Compared with its peer institutions, UVa’s athletics fundraising machine is a powerhouse. In 2004, 2005 and 2006, UVa led the Atlantic Coast Conference in philanthropic cash flow for sports. The next closest school in those years — the most recent for which comparative data is available — was North Carolina State University.
Yet unlike some other higher education institutions, UVa’s athletics fundraising prowess does not apparently take away from donations to academic programs, according to four fundraising officials from different areas at UVa.
“Because there had been some concern over that, I had some folks over here run the numbers and it showed that the majority of UVa’s donors give to both academics and athletics,” said Alison Traub, UVa’s assistant vice president for development and the interim director of development for the College and Graduate School of Arts & Sciences. As of Feb. 29, it had raised $154 million, which is 31 percent of its $500 million goal.
Athletics can be a boon for higher education fundraising efforts, Traub said, because they foster pride in one’s alma mater and keep alumni emotionally engaged.
“Whether they’re watching a game on TV or if they’re watching it from the stadium, athletics let alumni stay connected to the university,” she said. “That really helps development.”
A top-notch athletics program can also help academic fundraising because it gives development officers a place to woo potential donors.

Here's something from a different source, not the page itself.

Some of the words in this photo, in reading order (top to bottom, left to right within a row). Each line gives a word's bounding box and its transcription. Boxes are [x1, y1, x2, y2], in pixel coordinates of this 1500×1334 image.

“We’ll take them to football and basketball games,” said Tim Redden, associate dean for development and vice president of UVa’s engineering foundation. “It lets us wine and dine ’em.”
Benefiting from backlash
Redden said the engineering school’s foundation does not necessarily compete with the athletics department for fundraising dollars. He added, however, that the engineering department is benefiting from backlash about the athletics foundation’s new football ticketing policy.
“We’re hearing a lot of kickback,” Redden said. “People are so upset. They’re saying, ‘We’re not giving to athletics at UVa anymore. I’m giving to engineering.’”

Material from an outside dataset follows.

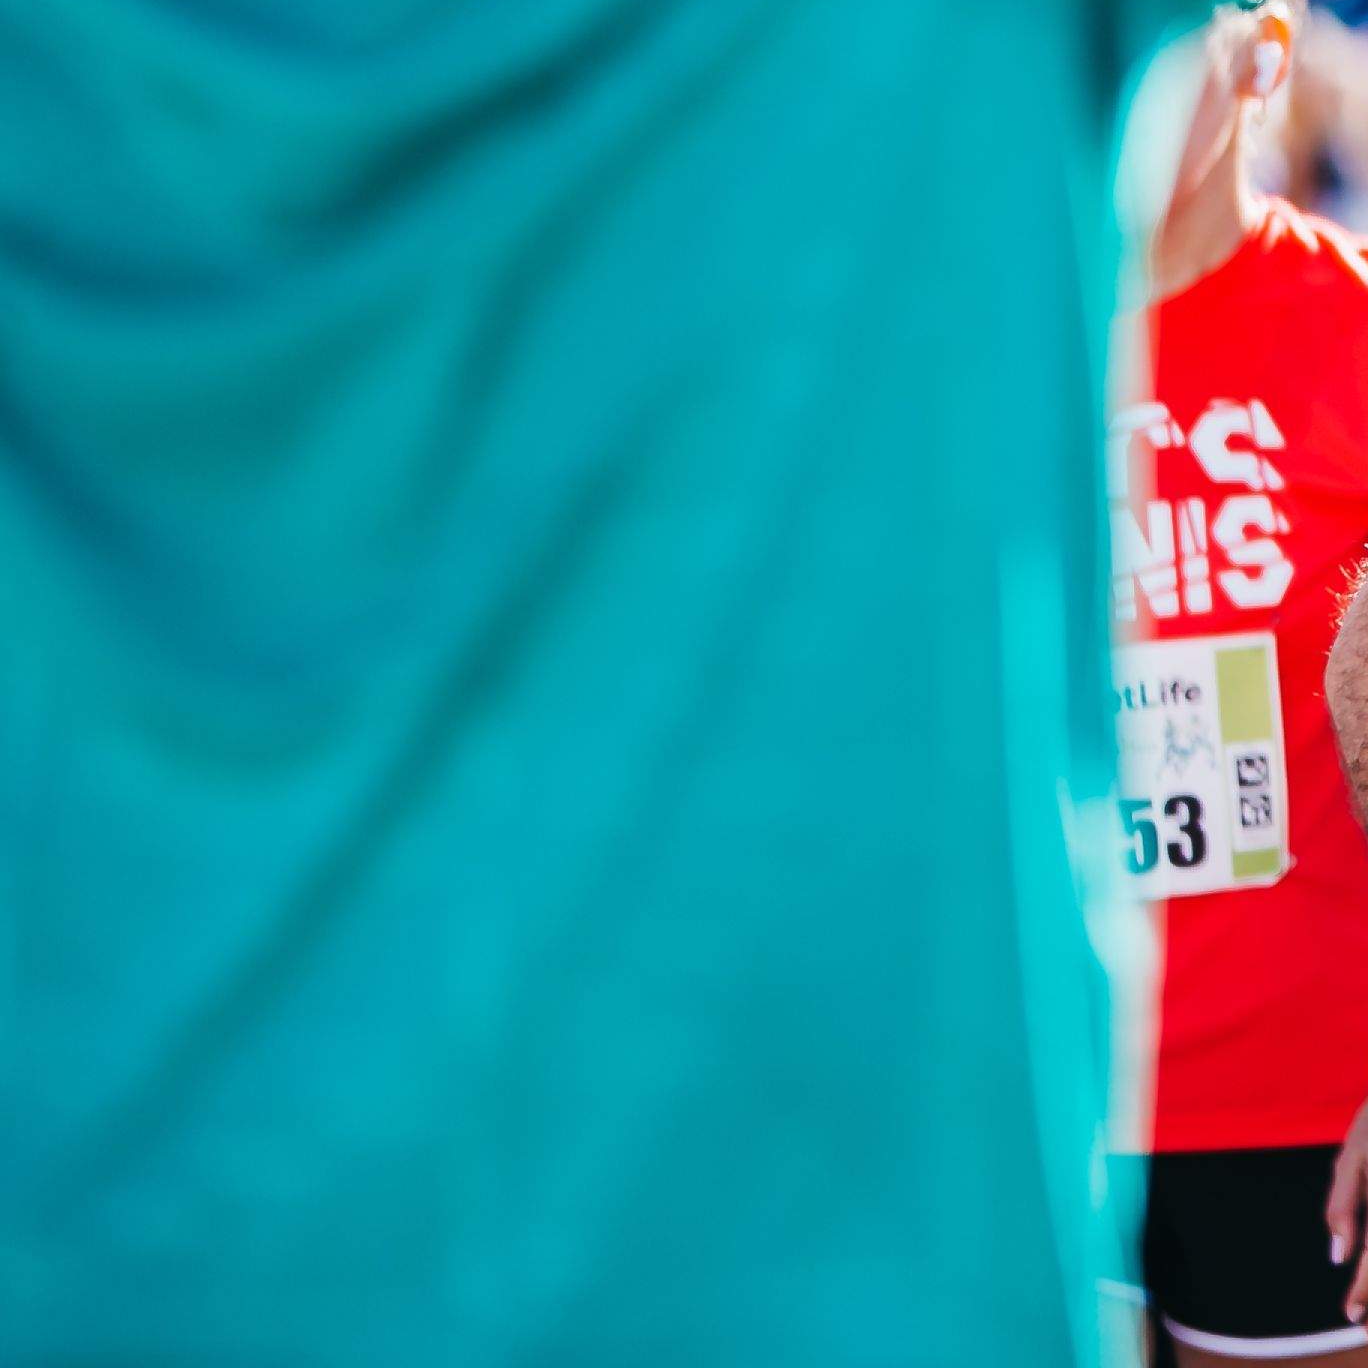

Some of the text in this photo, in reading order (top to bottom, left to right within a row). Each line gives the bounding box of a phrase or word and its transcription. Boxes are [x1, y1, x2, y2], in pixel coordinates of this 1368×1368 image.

The athletics foundation doles out season tickets and assigns seating for Cavalier football games. Starting this fall, the best seats in Scott Stadium will go to the most generous donors to the athletics program, rather than some longtime season-ticket holders who had the most desirable seats for decades.

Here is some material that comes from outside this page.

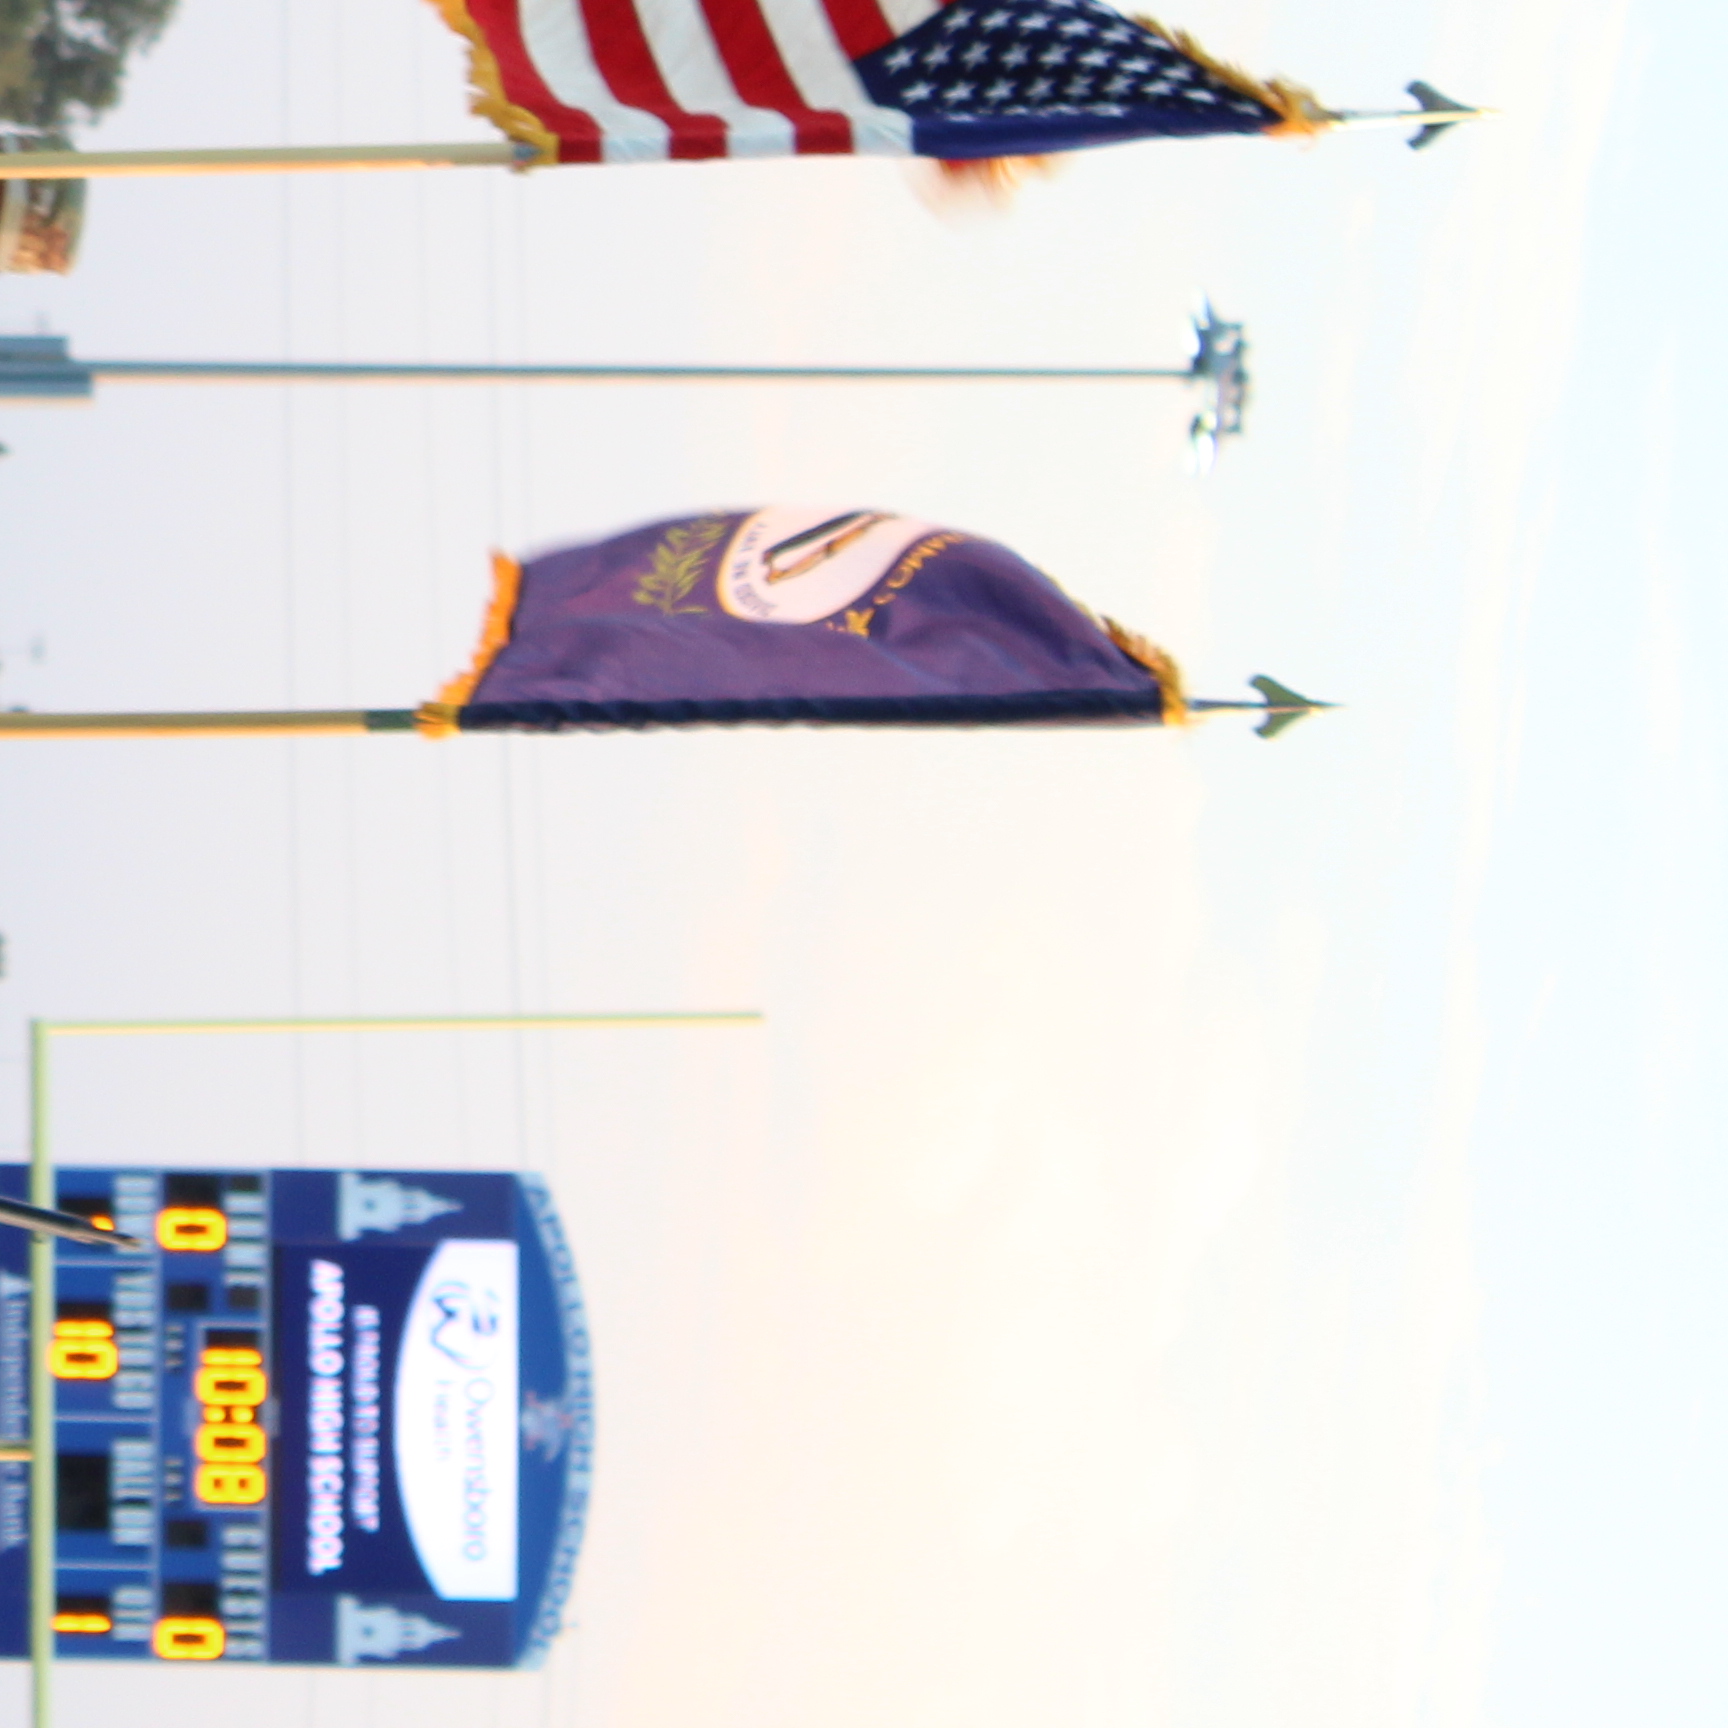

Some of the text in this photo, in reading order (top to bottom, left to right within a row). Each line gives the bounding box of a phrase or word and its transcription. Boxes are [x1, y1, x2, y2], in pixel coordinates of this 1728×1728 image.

As many fans lost their long-held seats, the new policy angered some fans. Katstra responded by saying that the new policy will be more “equitable” in how it assigns seats and will generate at least $1 million more per year.
Katstra said it is too early to know if the athletics foundation is seeing its donations suffer from the backlash, but it does not appear so.
“We’re ahead on every fundraising benchmark,” he said.
Will woes impact giving?
It is also too soon to tell if the Cavalier football team’s woes over the past few months will impact giving.
In mid-January, the university announced that four players, including starting quarterback Jameel Sewell and cornerback Chris Cook, were not enrolled for the spring semester, making them ineligible to play in the fall.
Then, on Feb. 29, cornerback Mike Brown was arrested and charged with grand larceny, possession of stolen property with intent to sell, altering serial numbers and possession of marijuana.
And just last week, redshirt freshman J’Courtney Rydell Williams was charged with credit card theft and credit card fraud. He has since been dismissed from the team.UVa athletics donors are typically believers in the concept of scholar-athletes, Sweeney said. Many UVa supporters, he said, want to see the Cavaliers win, but not at the expense of having players who are not up to par academically or who are getting into trouble.
“We want to win,” he said. “But the way in which we win is just as important as the winning itself. We won’t sell our soul to win.”
Slightly more than 70.4 percent of UVa’s athletes graduated within six years, according to the most recent statistics available. That figure, Sweeney pointed out, is higher than the national average.